_TASK DESCRIPTION:_ Set the images aside and retype the whole listing exactly.

Segment Start: EXERCISE INPUTS

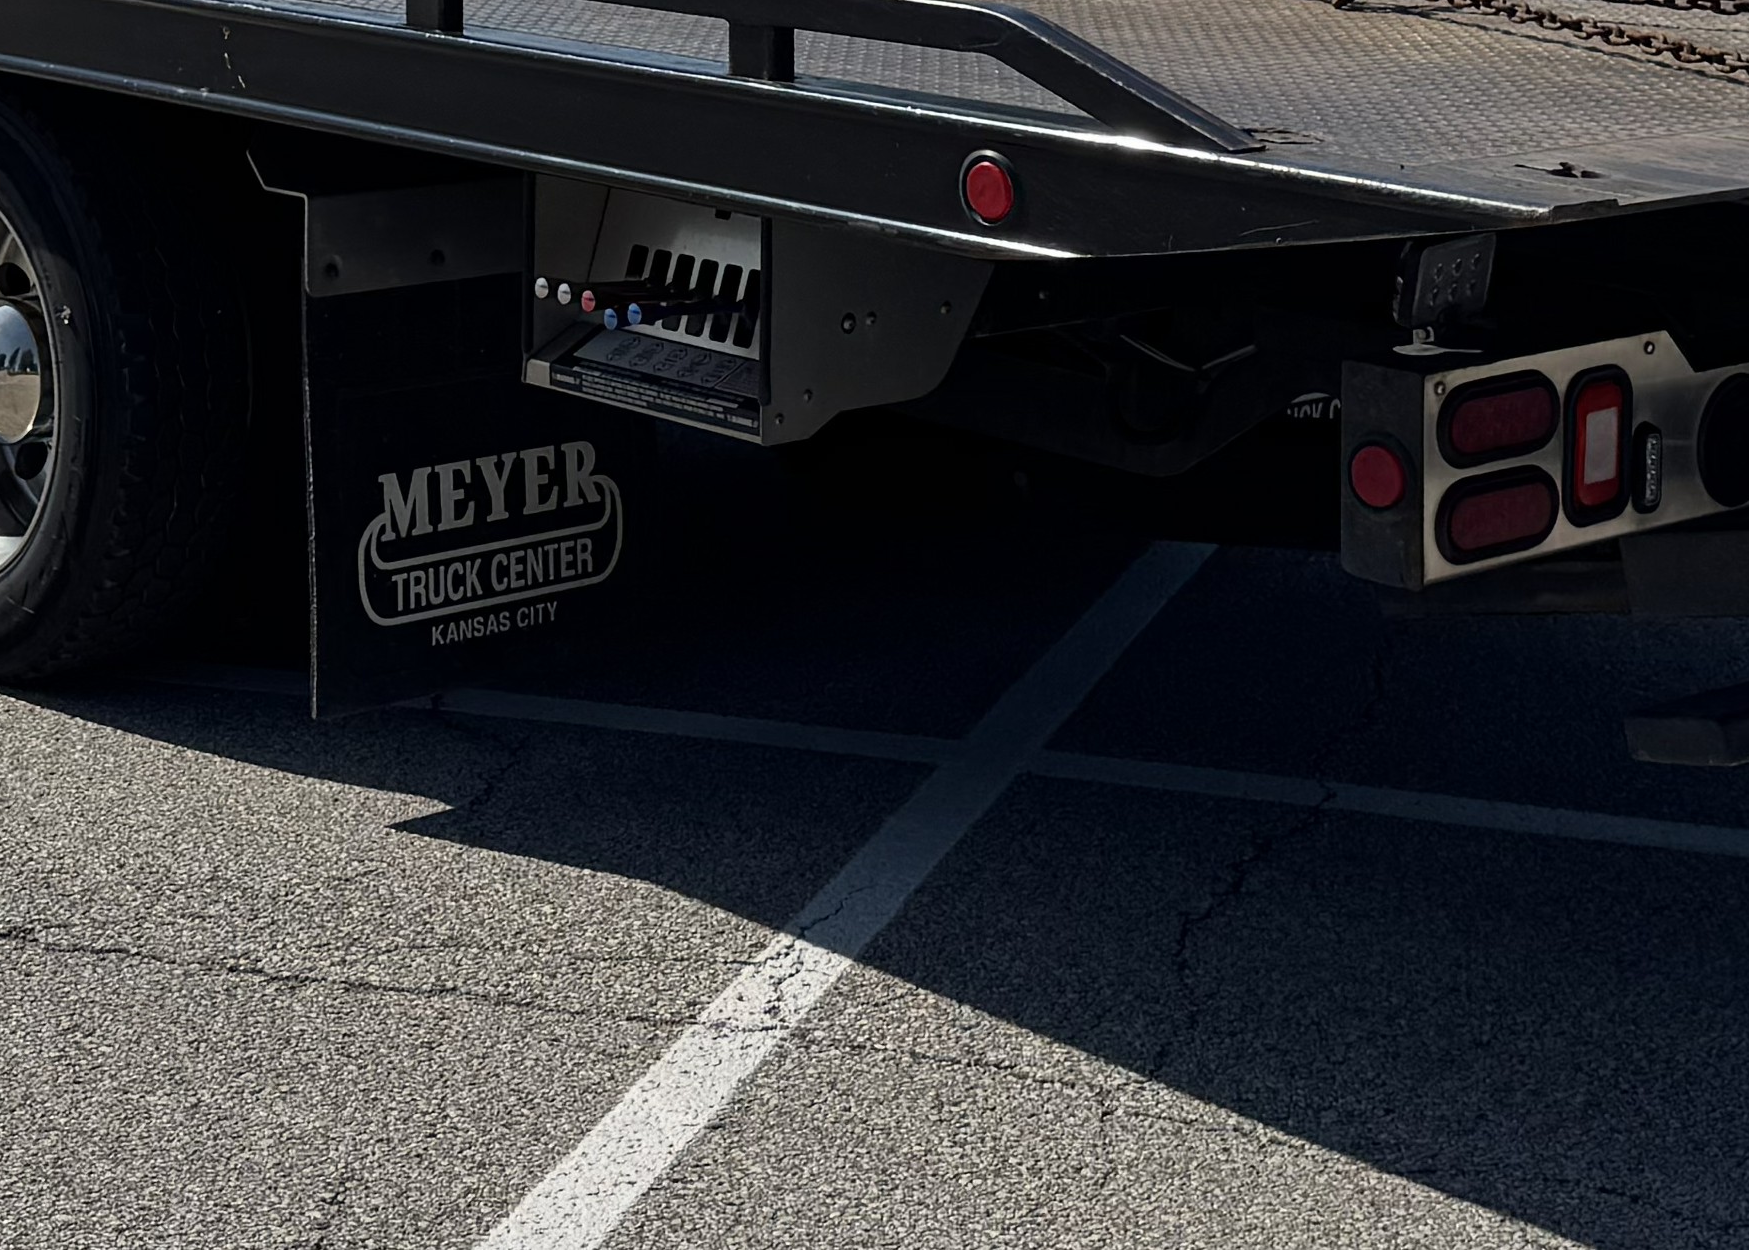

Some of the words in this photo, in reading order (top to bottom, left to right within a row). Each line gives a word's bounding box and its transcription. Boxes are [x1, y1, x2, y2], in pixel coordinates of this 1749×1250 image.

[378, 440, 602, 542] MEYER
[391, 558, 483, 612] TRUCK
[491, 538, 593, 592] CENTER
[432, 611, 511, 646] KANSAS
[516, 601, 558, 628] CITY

Segment End: EXERCISE INPUTS

_REPLY:_
Some of the words in this photo, in reading order (top to bottom, left to right within a row). Each line gives a word's bounding box and its transcription. Boxes are [x1, y1, x2, y2], in pixel coordinates of this 1749×1250 image.

[378, 440, 602, 542] MEYER
[391, 558, 483, 612] TRUCK
[491, 538, 593, 592] CENTER
[432, 611, 511, 646] KANSAS
[516, 601, 558, 628] CITY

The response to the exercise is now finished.